Greg Jackson
Game-plan architecture; complete-fighter strategic design
Athletes coached
- Jon Jones
- Holly Holm
- Carlos Condit
- Donald Cerrone (formerly)
- Diego Sanchez (formerly)
The game-plan architect
Greg Jackson is the most-influential strategic coach in MMA history. His coaching career began in Albuquerque, New Mexico in the early 1990s, training local wrestlers and BJJ practitioners. By the mid-2000s, he had developed a reputation as the most-systematic game-plan coach in MMA — fighters who joined his program were given fight-specific strategic plans backed by extensive opponent film study.
The formal partnership with Mike Winkeljohn (a striking coach in Albuquerque) in 2009 created Jackson Wink MMA Academy, the most-decorated coaching partnership in MMA.
The athletes
- Jon Jones — UFC LHW + heavyweight champion. The most-decorated MMA career under Jackson's coaching.
- Holly Holm — UFC women's bantamweight champion (UFC 193 KO of Ronda Rousey)
- Carlos Condit — UFC interim welterweight champion
- Donald Cerrone (formerly) — UFC's most-active fighter
- Diego Sanchez (formerly) — UFC welterweight contender
- Anthony Pettis (briefly) — UFC lightweight champion
The game-plan system
Jackson's coaching philosophy:
- Opponent film study: 8-12 weeks of breaking down the opponent's previous bouts by phase (round 1 setups, championship-rounds patterns, post-loss adjustments).
- Specific technique selection: 5-7 techniques to attack the opponent's vulnerabilities, 5-7 to avoid their strengths.
- Sparring partner curation: 3-5 sparring partners brought in to replicate the opponent's style.
- Round-by-round rehearsal: the bout rehearsed in 5-minute simulations.
- Contingency planning: 3-4 fallback plans for different round-by-round scenarios.
The most-famous deployments:
- Holm vs Rousey at UFC 193: distance-management plan that produced the head-kick KO.
- Jones vs Cormier at UFC 182: oblique-kick game plan that compromised Cormier's takedown setups.
- Condit vs Diaz at UFC 143: distance-and-volume plan that won a controversial decision.
The departures
Jackson's coaching style — heavily structured, game-plan-driven, with limited deviation tolerance — works for fighters who buy into the system (Jones, Holm) but can chafe with fighters who prefer instinctive in-cage adaptation. The Cerrone, Sanchez, and Pettis departures all involved coaching-style disagreements.

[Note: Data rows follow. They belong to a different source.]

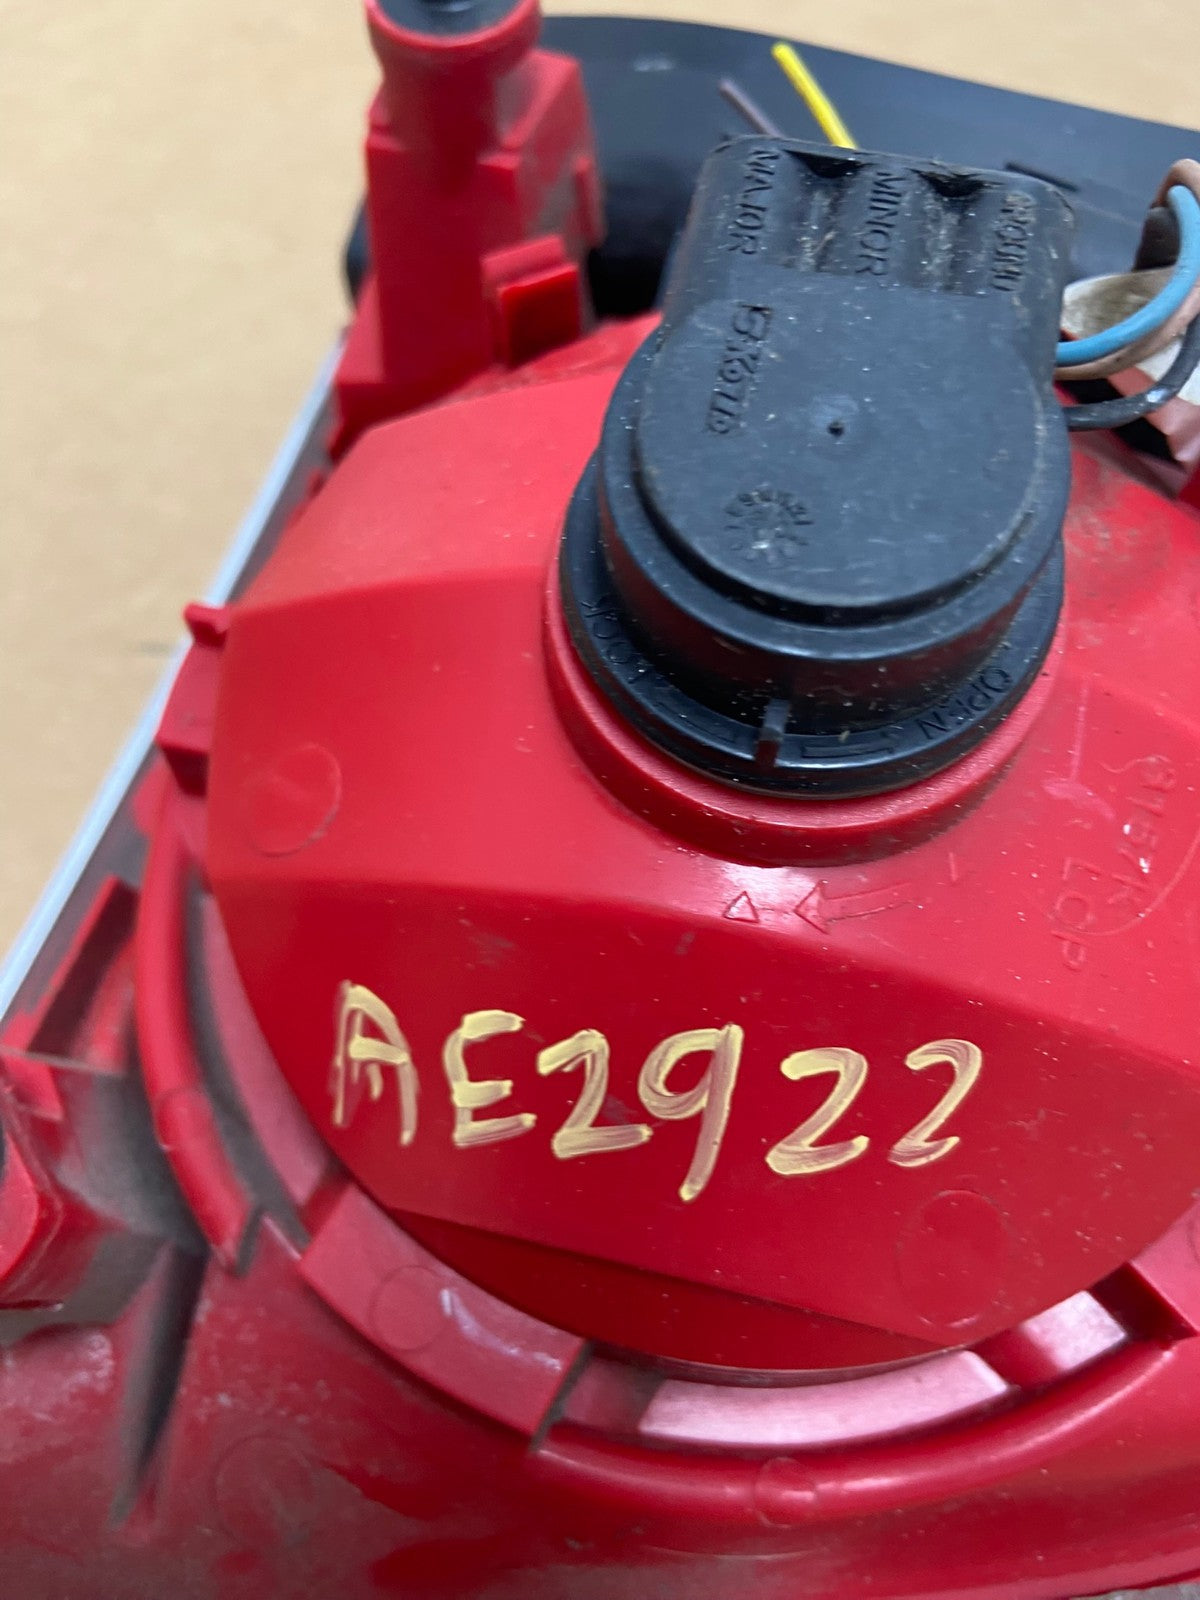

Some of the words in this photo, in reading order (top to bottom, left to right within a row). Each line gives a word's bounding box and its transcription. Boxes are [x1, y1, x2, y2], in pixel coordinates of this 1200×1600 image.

[727, 148, 783, 256] MAJOR
[855, 171, 905, 277] MINOR
[332, 979, 983, 1204] AE2922
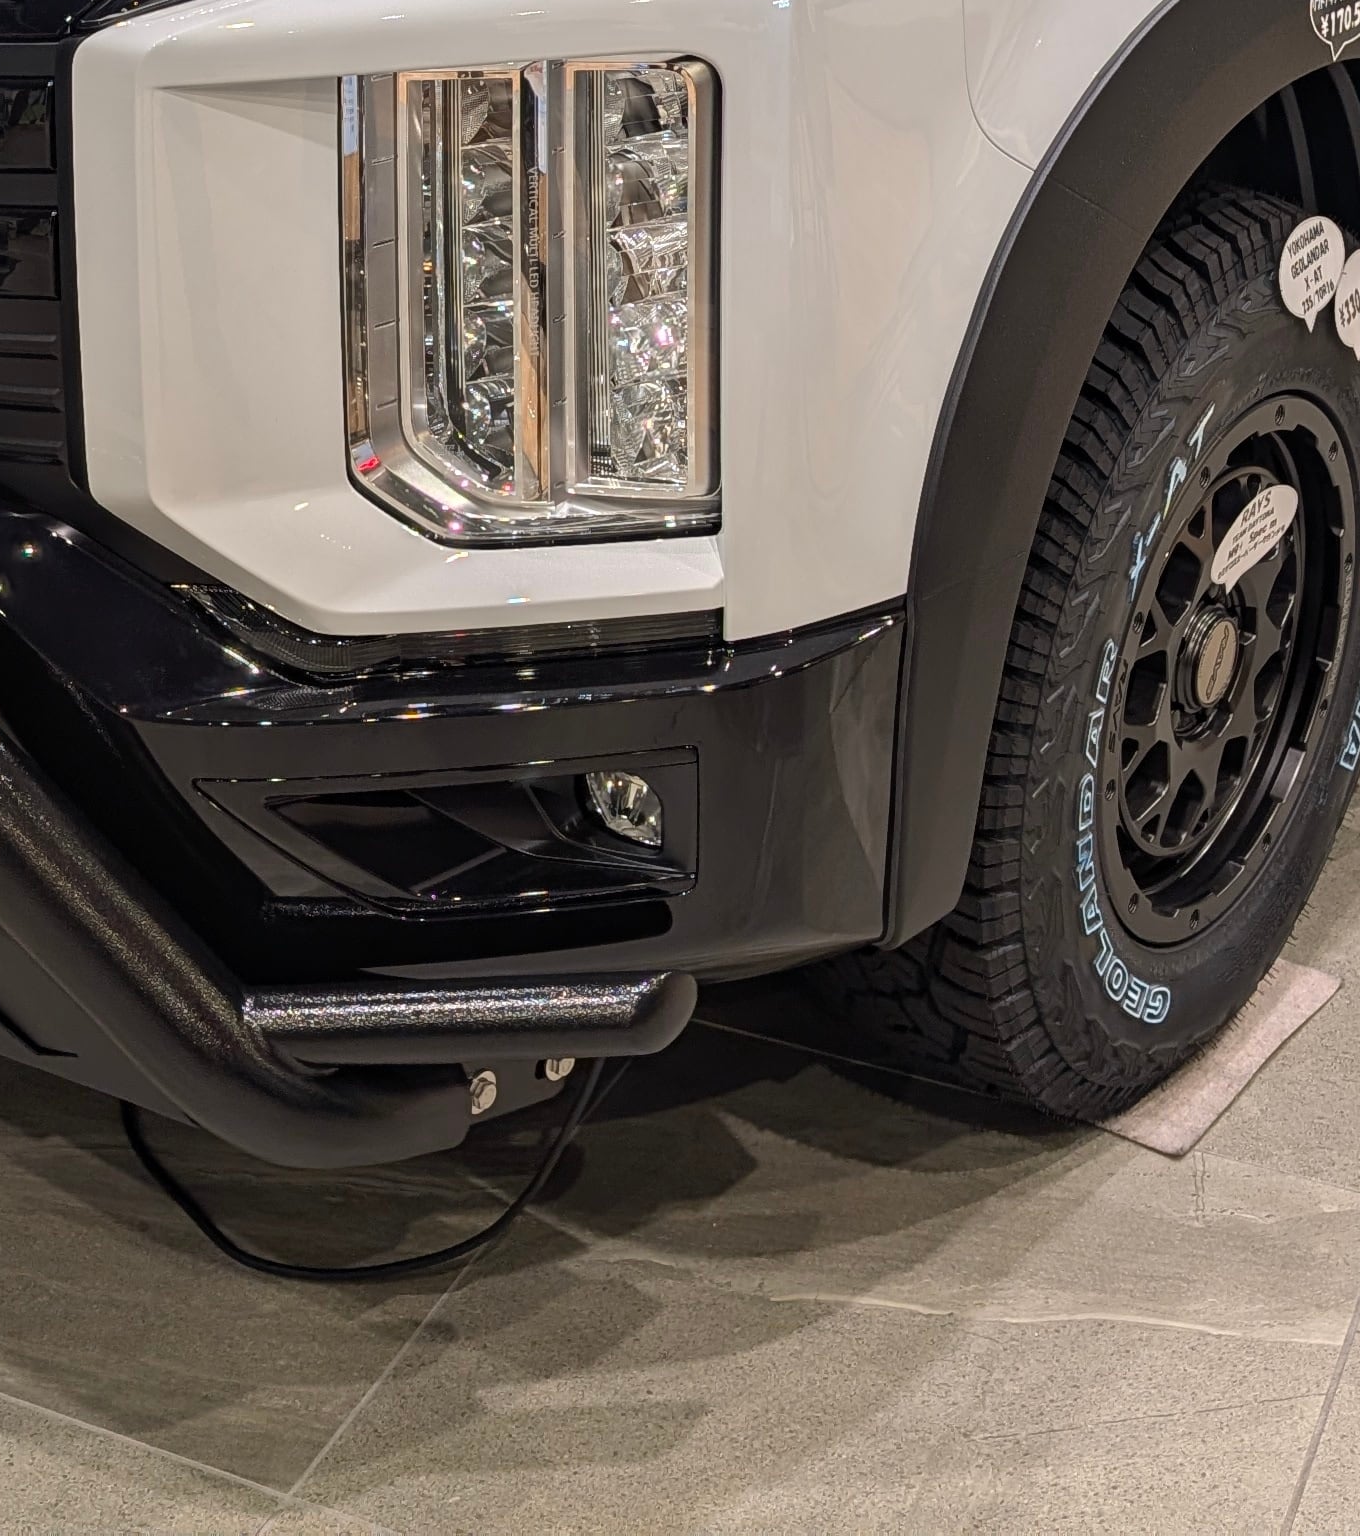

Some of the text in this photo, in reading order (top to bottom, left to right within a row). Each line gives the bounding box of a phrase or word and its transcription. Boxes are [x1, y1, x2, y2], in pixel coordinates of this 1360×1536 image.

[526, 166, 539, 224] VERTICAL
[1287, 221, 1325, 259] YOKOHAMA
[529, 266, 539, 289] LED
[1290, 239, 1329, 280] GEOLANDAR
[1304, 265, 1323, 292] X-AT
[1240, 490, 1272, 528] RAYS
[1074, 637, 1172, 1025] GEOLANDAR
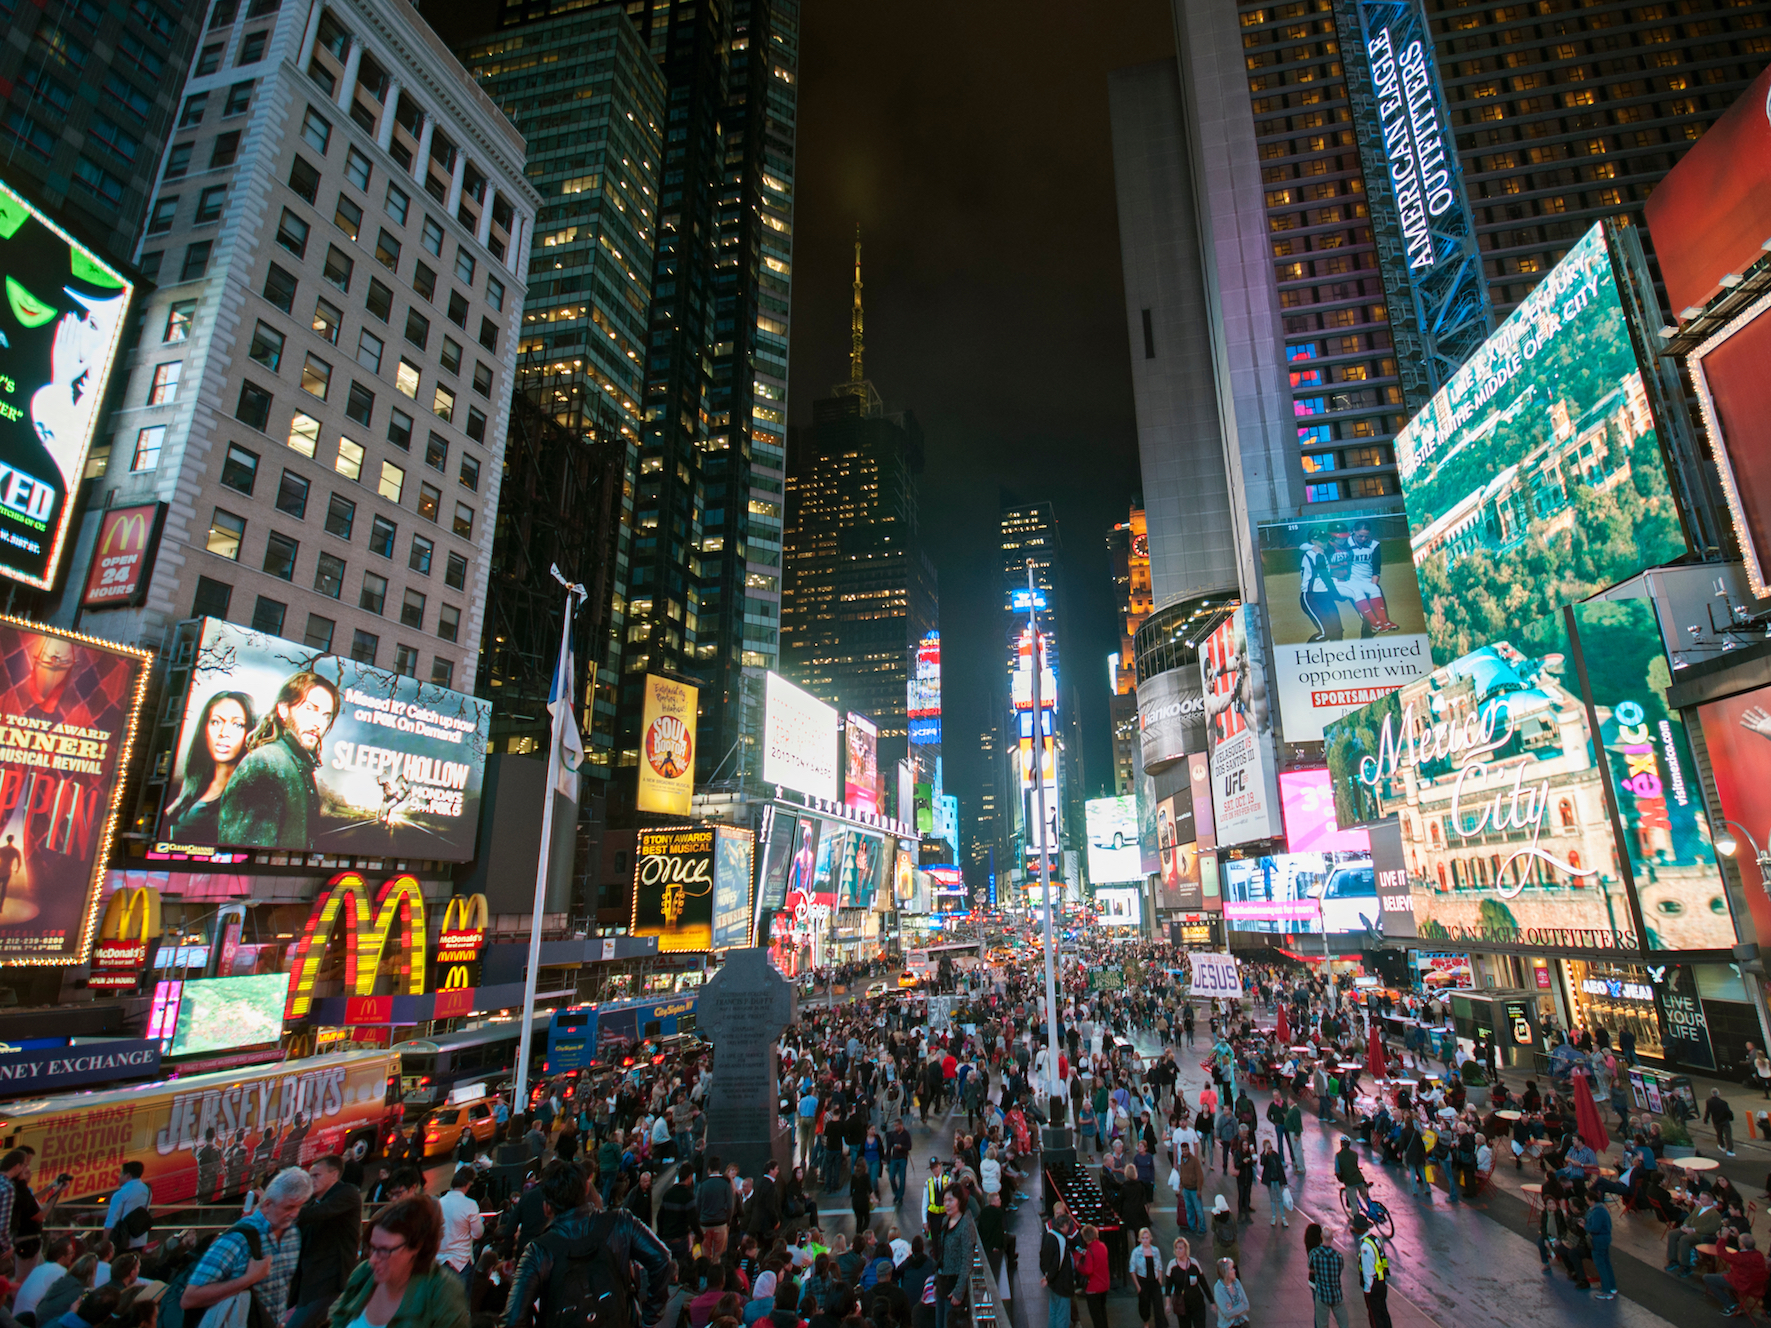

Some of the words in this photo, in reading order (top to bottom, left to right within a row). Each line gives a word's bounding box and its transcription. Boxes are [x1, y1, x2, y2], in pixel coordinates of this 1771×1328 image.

[1368, 27, 1402, 121] EAGLE
[1399, 40, 1453, 216] OUTFITTERS
[1383, 115, 1434, 270] AMERICAN
[1519, 250, 1585, 330] CENTURY
[1436, 426, 1451, 446] IN
[1446, 401, 1473, 434] THE
[1473, 353, 1523, 411] MIDDLE
[1523, 331, 1546, 360] OF
[1548, 319, 1563, 340] A
[1563, 274, 1599, 321] CITY
[101, 554, 138, 568] OPEN
[100, 566, 131, 585] 24
[88, 583, 136, 599] HOURS
[1295, 645, 1356, 667] Helped
[1360, 640, 1421, 663] injured
[1299, 666, 1380, 687] opponent
[1384, 660, 1423, 676] win.
[1016, 700, 1054, 709] TOSBA
[1314, 686, 1399, 706] SPORTSMANS
[344, 687, 391, 713] Missed
[390, 699, 407, 715] it?
[405, 704, 439, 724] Catch
[439, 714, 454, 729] up
[453, 718, 476, 733] now
[6, 713, 53, 731] TONY
[354, 709, 373, 723] on
[372, 710, 397, 729] FOX
[397, 716, 415, 733] On
[414, 721, 463, 744] Demand!
[653, 717, 687, 745] SOUL
[654, 739, 687, 757] DOCTOR
[1360, 698, 1515, 786] Mexico
[52, 755, 102, 775] REVIVAL
[331, 740, 405, 779] SLEEPY
[403, 753, 470, 790] HOLLOW
[1225, 753, 1248, 772] SANTOS
[1659, 720, 1688, 806] visitmexico.com
[1225, 768, 1245, 797] UFC
[411, 785, 464, 804] MONDAYS
[1247, 791, 1255, 804] 19
[429, 800, 452, 816] FOX
[451, 803, 463, 817] 5
[803, 792, 843, 816] 1540
[845, 804, 909, 836] BROADWAY
[643, 835, 650, 845] 8
[649, 834, 674, 844] TONY
[673, 832, 712, 844] AWARDS
[1451, 761, 1598, 899] City
[642, 845, 667, 855] BEST
[669, 843, 712, 854] MUSICAL
[1379, 871, 1397, 888] LIVE
[1396, 869, 1405, 886] IT
[439, 934, 483, 944] McDonald's
[1417, 925, 1477, 941] AMERICAN
[1481, 926, 1524, 944] EAGLE
[1527, 928, 1638, 949] OUTFITTERS
[93, 946, 146, 959] McDonald's
[115, 977, 136, 985] HOURS
[1194, 964, 1238, 990] JESUS
[1583, 980, 1608, 995] AEO
[654, 1003, 686, 1019] CitySights
[1662, 994, 1695, 1012] LIVE
[1664, 1009, 1708, 1028] YOUR
[1668, 1024, 1700, 1042] LIFE
[47, 1050, 154, 1075] EXCHANGE
[87, 1104, 137, 1129] MOST
[157, 1080, 276, 1155] JERSEY
[279, 1067, 346, 1127] BOYS
[41, 1122, 133, 1158] EXCITING
[37, 1145, 129, 1182] MUSICAL

The most-public dispute was the Donald Cerrone departure in 2017, which produced a public-facing critique of Jackson's coaching style that influenced subsequent commentary on the program.
The legacy
Greg Jackson is the canonical example of the strategic-coach archetype. The combined title-defense math of Jones (eleven), Holm (one but title-changing), and Condit (interim) makes Jackson's coaching results among the most-decorated in MMA history.
The game-plan template has influenced every subsequent championship coaching staff. AKA, CKB, and ATT all incorporate Jackson Wink-style game-plan elements — though none have matched the systematic depth that Jackson developed.